PR #67 is intentionally conservative: when timing cannot be paired safely, the plugin emits diagnostic marks instead of inventing latency. That is correct for a hook-based integration, but it means token, cache, cost, latency, TTFB, retry/fallback state, and model-emitted tool-call metadata do not always stay attached to the provider invocation that produced them.
Proposed enhancement
OpenClaw already has most of the required data internally:
model-call diagnostics create callId and record timing, TTFB, byte counts, provider/model/API/transport, and failure category
provider transports build normalized requests and parse response events, finish reasons, response ids, tool calls, usage, cache counters, and cost
prompt-cache observability and trajectory metadata capture request-shape, run/session/agent/config/plugin, and redaction context
run attempt metadata and failover logging represent retries, profile rotation, fallback decisions, and error/status details
The NeMo Flow eval patches show why provider-call fidelity matters:
Provider cache evidence is API-surface specific. OpenAI-compatible routes expose cache reuse through usage.prompt_tokens_details.cached_tokens or usage.input_tokens_details.cached_tokens; Anthropic Messages routes expose usage.cache_read_input_tokens and usage.cache_creation_input_tokens.
Cache mode follows the provider API surface, not only the model family string. A routed Anthropic model on an OpenAI-compatible endpoint needs OpenAI-style cache evidence, while a native Anthropic Messages route needs Anthropic-style cache evidence.

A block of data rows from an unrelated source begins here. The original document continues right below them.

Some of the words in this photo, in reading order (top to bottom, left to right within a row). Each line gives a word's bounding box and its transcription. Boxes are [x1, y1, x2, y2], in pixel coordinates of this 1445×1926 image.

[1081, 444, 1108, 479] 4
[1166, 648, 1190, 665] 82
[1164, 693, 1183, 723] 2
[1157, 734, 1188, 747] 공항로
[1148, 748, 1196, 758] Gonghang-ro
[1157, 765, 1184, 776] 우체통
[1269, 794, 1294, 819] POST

The patched codec path had to emit provider-native usage for openai_chat, openai_responses, and anthropic_messages; otherwise Phoenix/OpenInference output could not prove provider cache behavior.

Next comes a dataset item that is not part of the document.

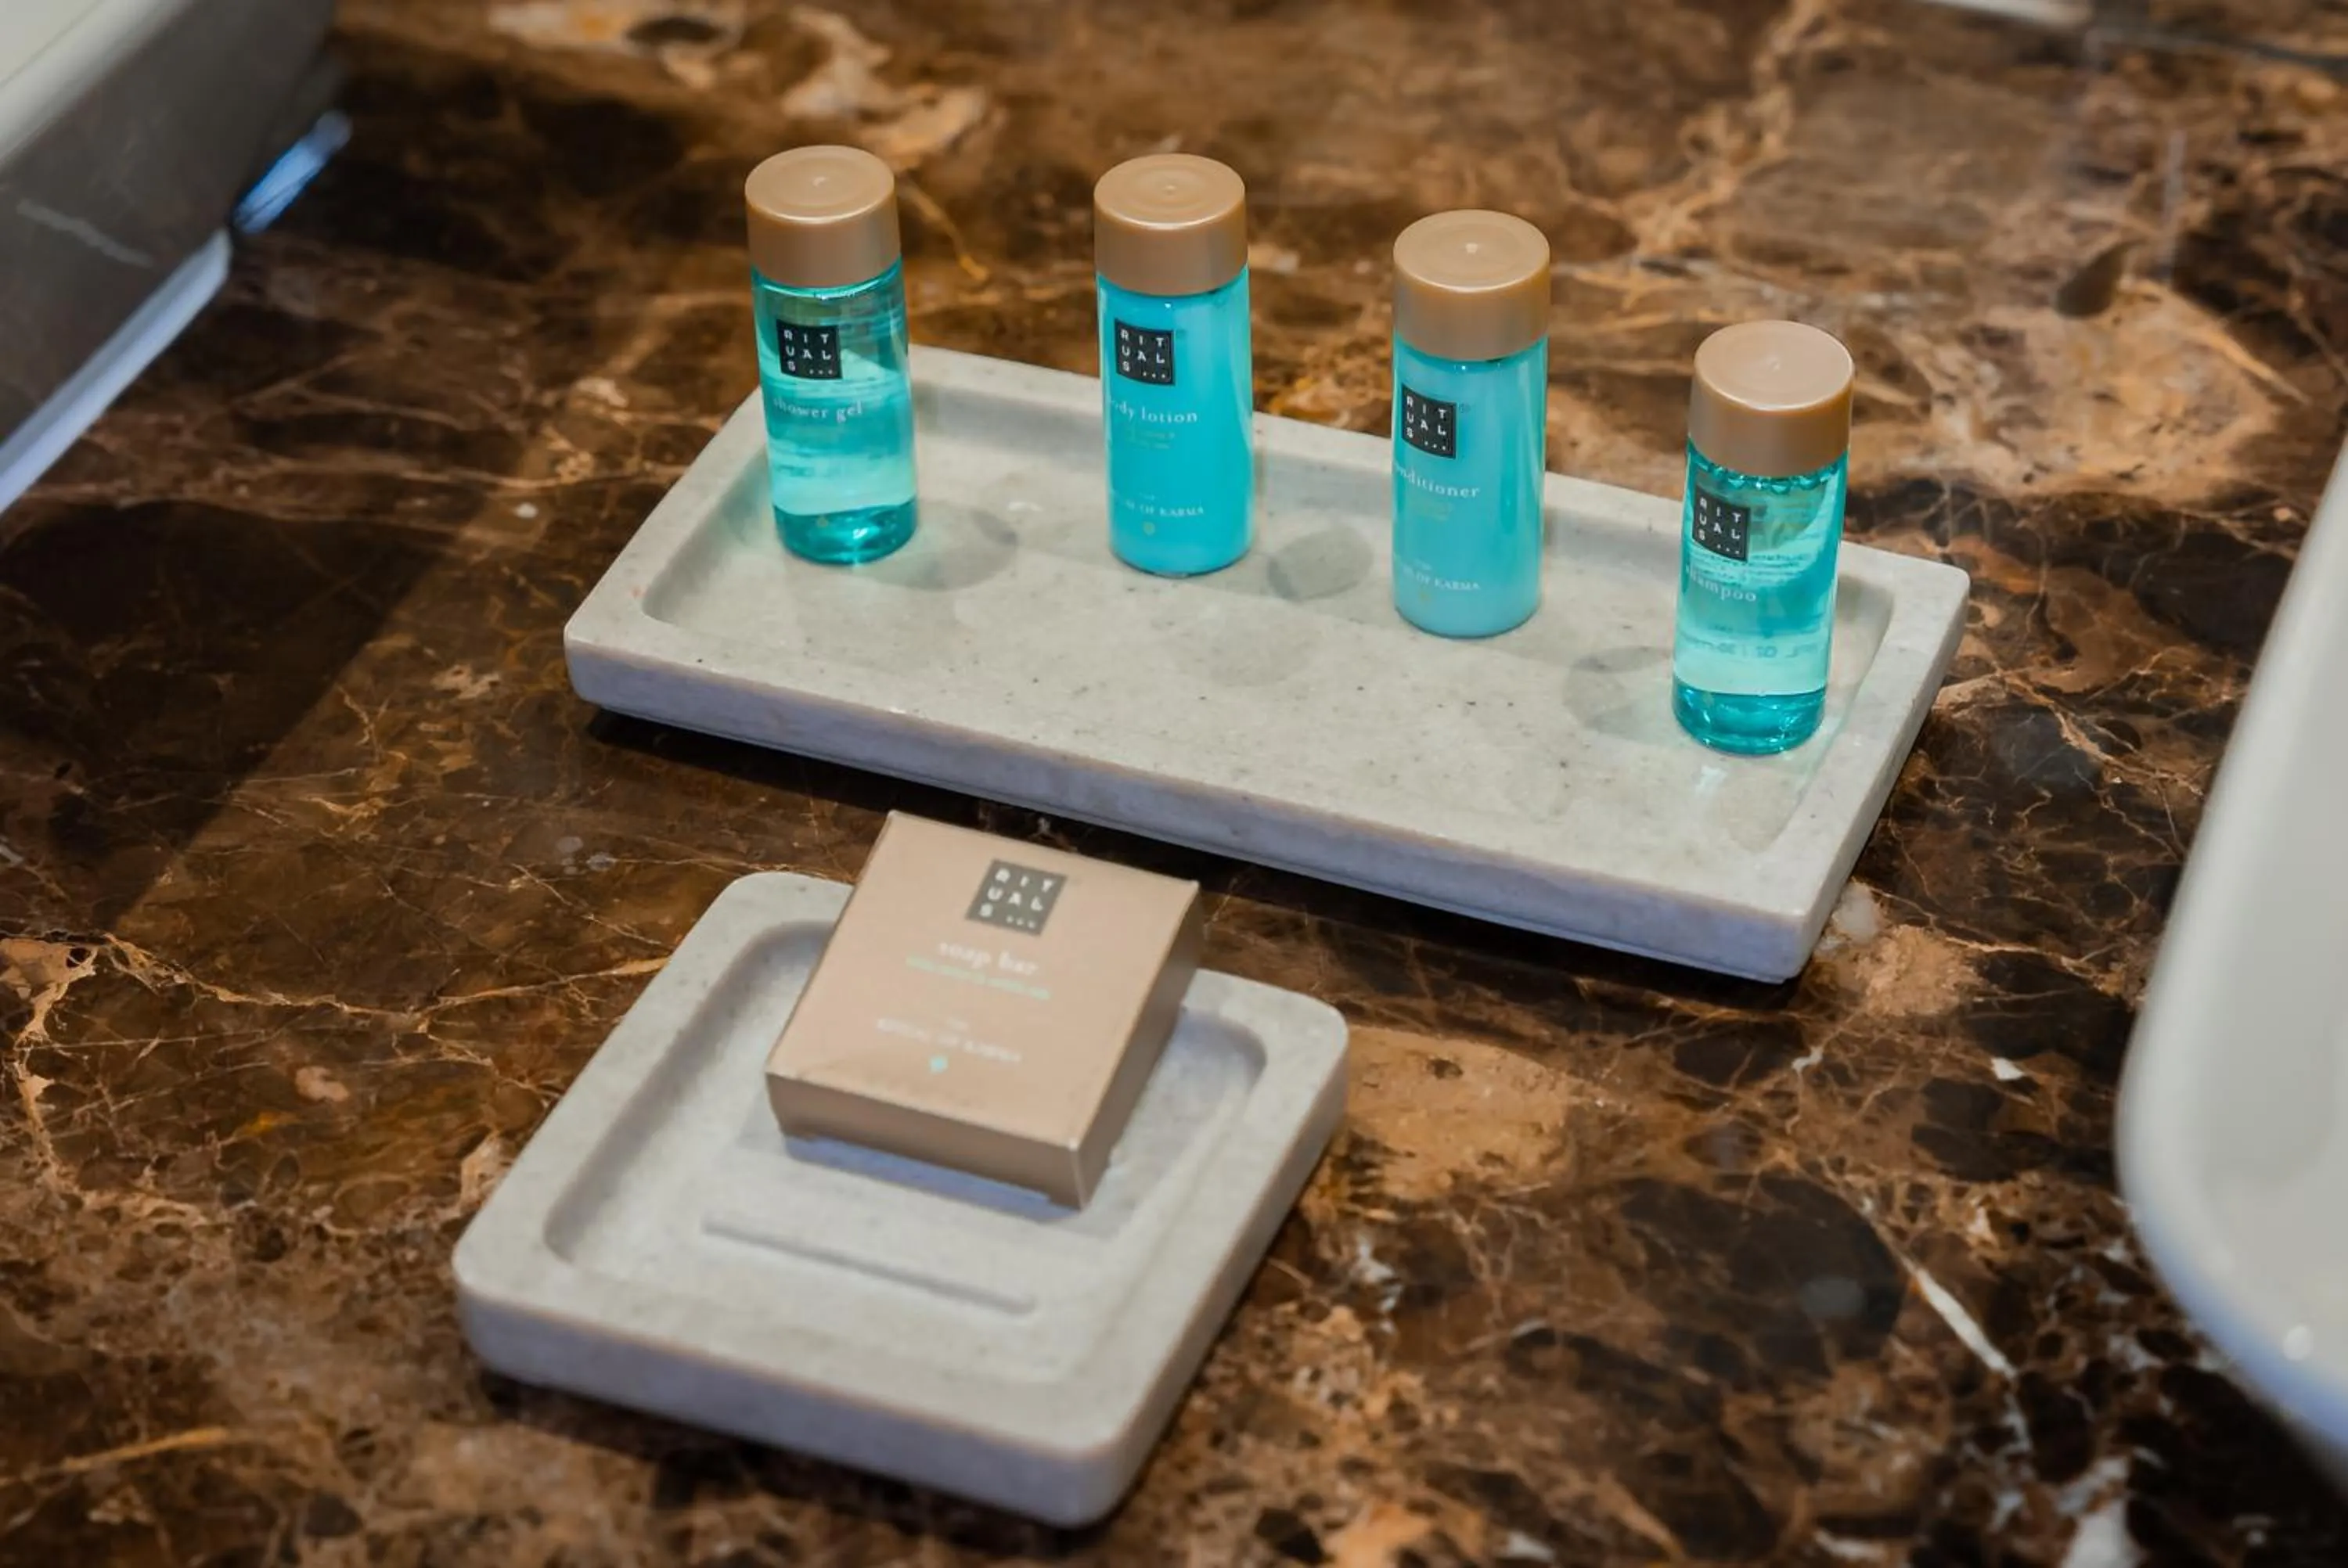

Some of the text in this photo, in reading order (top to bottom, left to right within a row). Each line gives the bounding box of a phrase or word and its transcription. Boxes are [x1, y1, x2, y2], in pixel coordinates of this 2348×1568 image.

[836, 400, 863, 423] gel
[1140, 406, 1198, 424] lotion
[1396, 462, 1480, 498] nditioner

ACG and tool-policy optimization need stable request-shape identifiers, effective tool-schema evidence, and a defined telemetry completion point. Volatile task text is not a reliable key and may be redacted.
Request OpenClaw support for a public LLM execution middleware that wraps each provider/model invocation.
The middleware should be invocation-scoped, not only post-hoc. It should allow a plugin to observe the request before execution and the response or failure after execution. Where OpenClaw policy allows, the same shape should support blocking, rewriting, routing, or annotating the call.
The proposed middleware should compose OpenClaw's existing internal provider-call data into one invocation-scoped public record. It should not expose trajectory metadata wholesale as a plugin API; trajectory metadata is broader and run-scoped.
Runtime contract and binding impact
Control semantics should be explicit:
before: called after provider/model/API/transport resolution and normalized request construction, before dispatch
chunk: optional streaming callback with sanitized provider/native chunk information or normalized chunk metadata
after: called once for a successful invocation with final response, usage, cost, timing, finish reason, and model-emitted tool-call metadata
error: called once for a failed invocation with error/status metadata, elapsed timing, retry/fallback metadata, and any known partial usage/cost
The same callId must be present across all phases, and each dispatched invocation should emit exactly one terminal phase: after or error. If routing changes provider/model/API, OpenClaw should rebuild the provider request before dispatch.
For NeMo Flow to treat plugin traces as authoritative, the middleware context needs:
stable invocation id / callId
optional logical call id when retries/fallbacks belong to one higher-level agent request
retry/fallback attempt metadata
run/session/agent context
provider, model, codec/API/transport, and request-surface metadata
effective tool schema/inventory metadata or a stable fingerprint
normalized provider request before execution
final normalized LLM response envelope after execution, including streaming chunks or an accumulated final response
provider-native usage before normalization, including OpenAI-compatible and Anthropic Messages cache fields
normalized input/output/total tokens, cache read/write counters, and cost when available
start/end timing, latency, and TTFB when available
finish reason and model-emitted tool-call metadata
failure/error metadata for provider exceptions
sanitized raw payloads where allowed by OpenClaw privacy policy
Design constraints:
Keep the public API provider-neutral while preserving provider-native usage under a structured field.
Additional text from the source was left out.